Filling In The Oric's Circles

Categories: Letter

 
Author: J. Reed
Published in Personal Computer News #076

Filling In The Oric's Circles

Q. Do I have a bug in my Oric 1? I typed in the following program, which should produce a filled circle, but I got some odd results instead.

10 HIRES
20 PRINT CHR$(17):'Cursor off
30 FILL 1,1,155
40 CURSET 120,100,1:'Centre of screen
50 CIRCLE 99,1:'Biggest possible circle
60 FOR N=1 TO 99
70 CIRCLE N,1
80 NEXT

J. Reed, Westhoughton, Bolton

A. Line 30 of your program is the culprit: it places a value of 155 in the first byte of the HIRES screen. 155 is the attribute code for TEXT 50Hz, and quite why you want this on the HIRES screen is beyond us. Anyway, the screen controller looks at this, thinks 'OK, I'm dealing with a TEXT screen' and updates or refreshes the display on that basis.

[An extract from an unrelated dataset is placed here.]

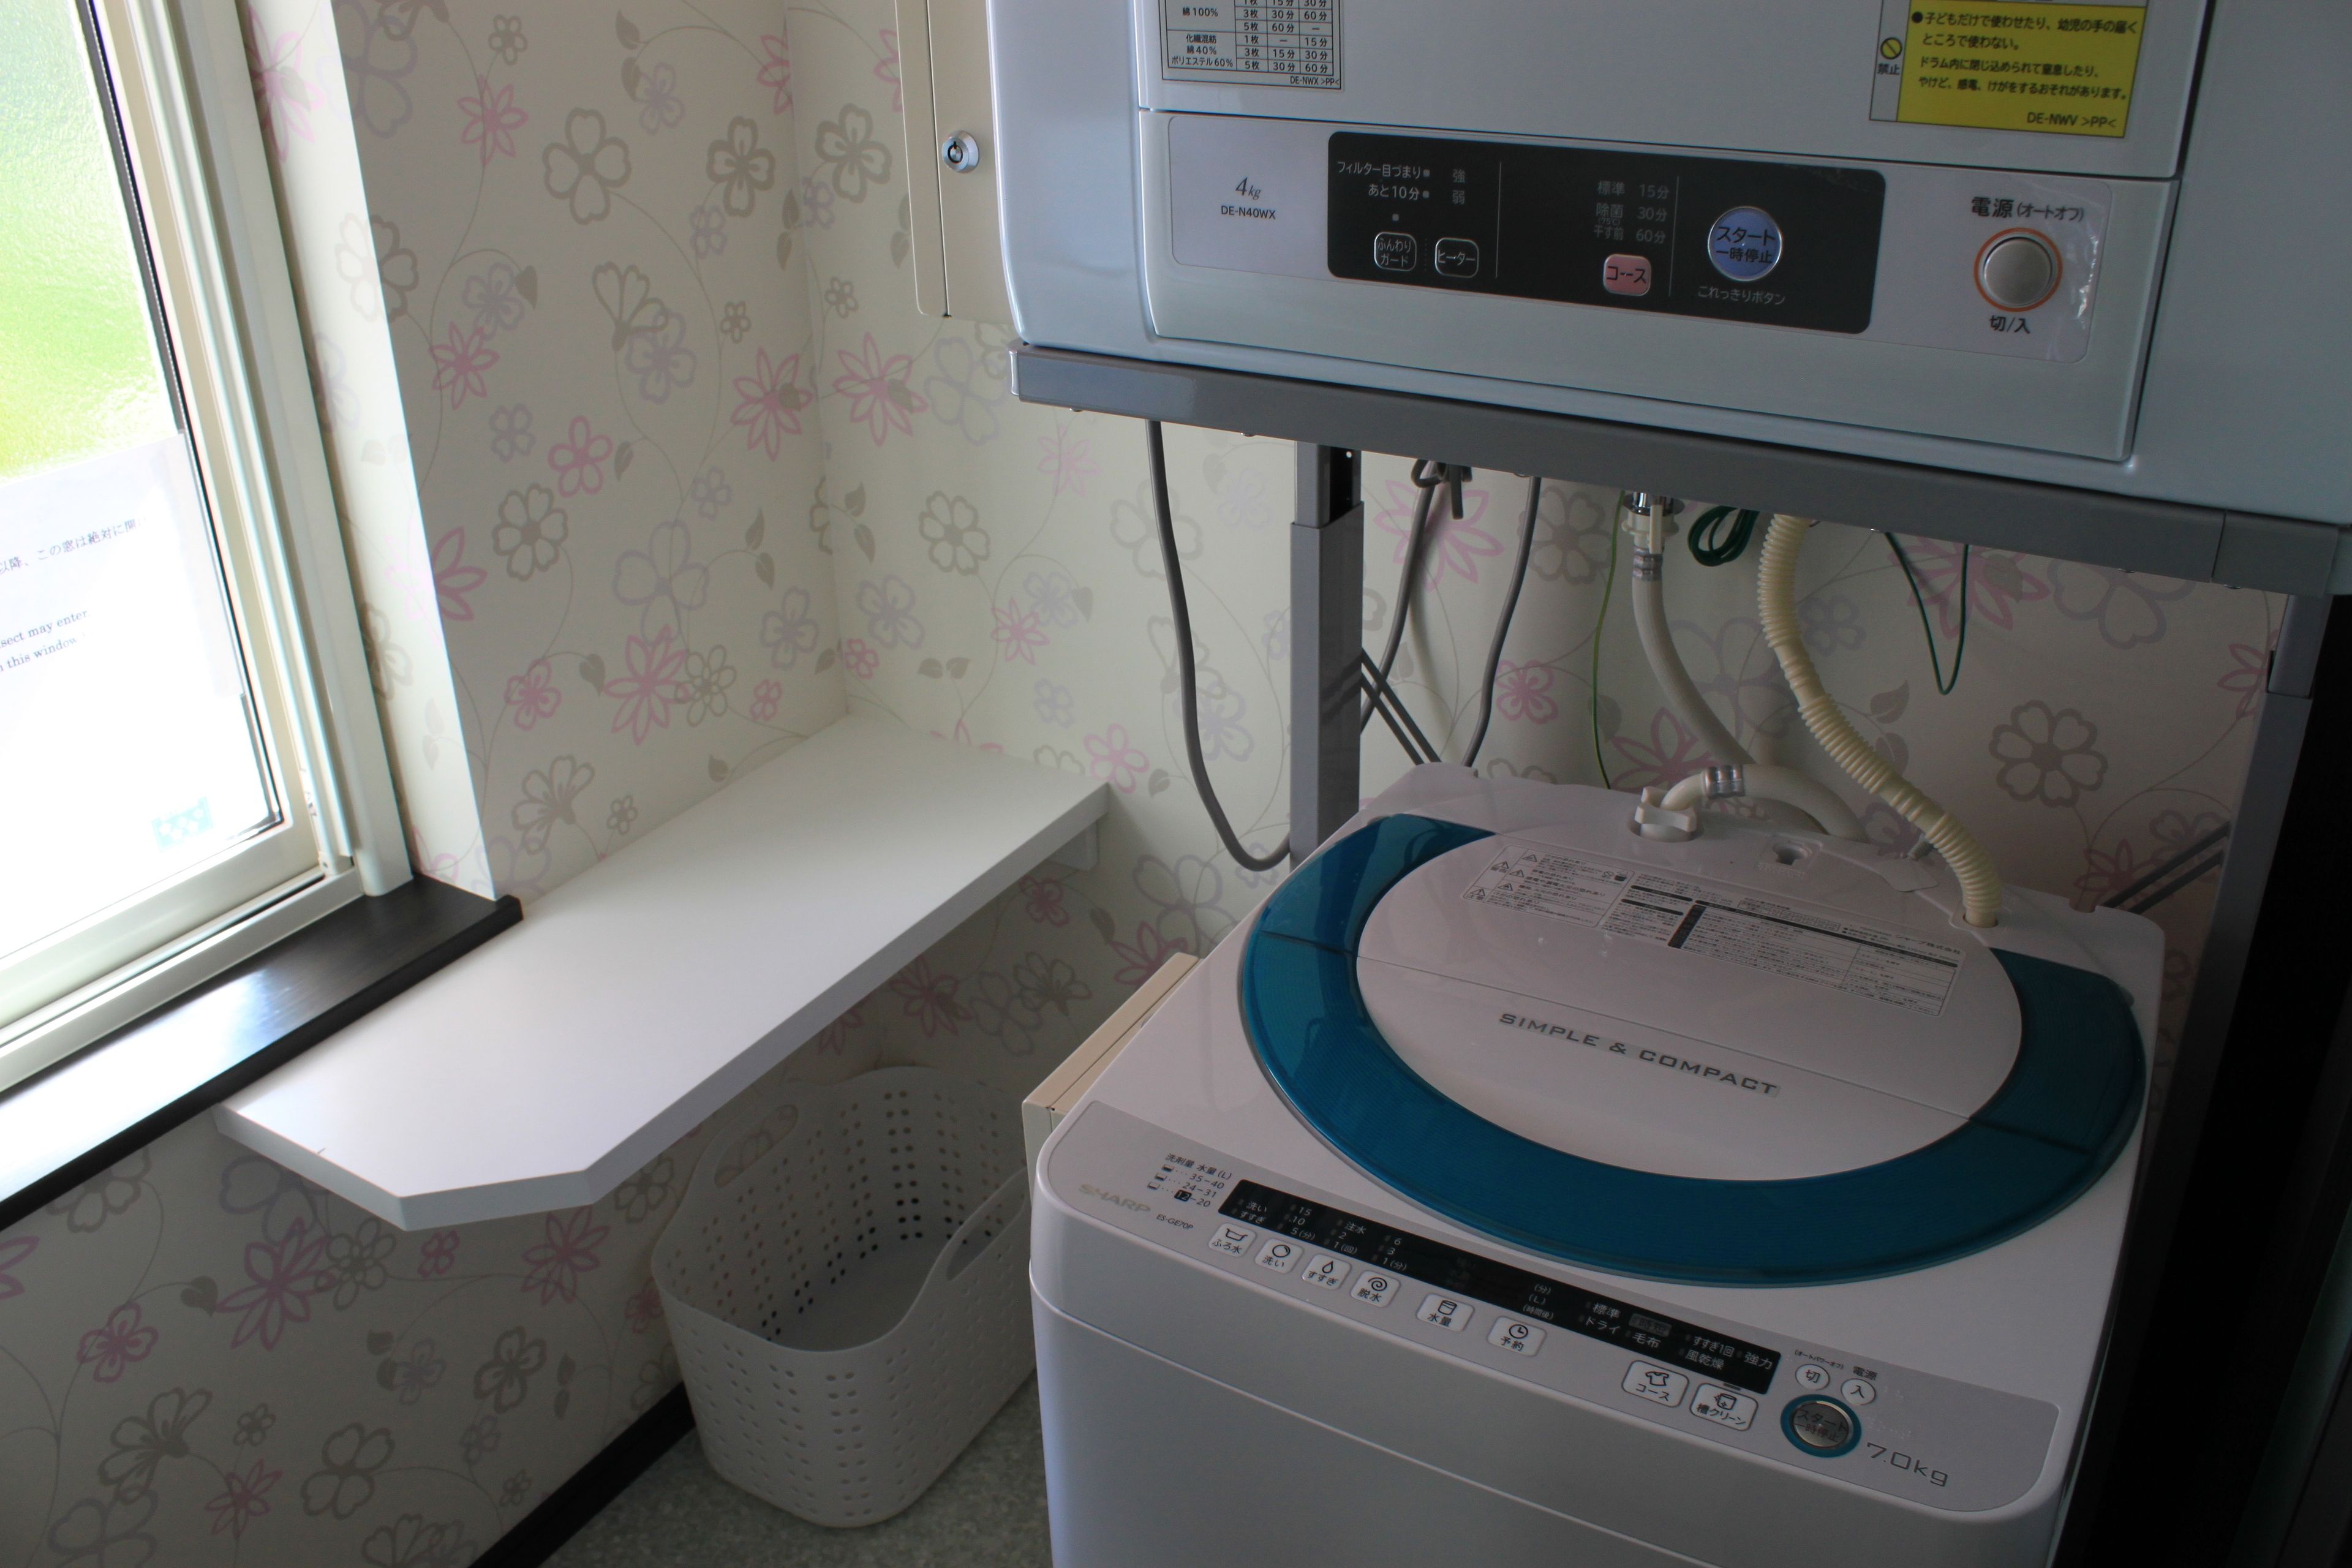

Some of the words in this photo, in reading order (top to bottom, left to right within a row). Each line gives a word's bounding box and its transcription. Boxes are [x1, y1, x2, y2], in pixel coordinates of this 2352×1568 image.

The TEXT screen begins at address 4800, but the HIRES screen begins at 40960, so the refreshing is only done from 48000, because the controller thinks it's handling a TEXT screen. Consequently, while the graphics commands are writing to memory between 40960 and 49119, what appears on the screen is the contents of addresses between 4800 and 49119. So, the top part of the graphics screen doesn't appear on the display and explains why you get half-ellipses descending down the screen when the concentric circles are drawn.

FILL 1,1,155 effectively sets up a TEXT window over the bottom part of the graphics memory, which thoroughly confuses the display.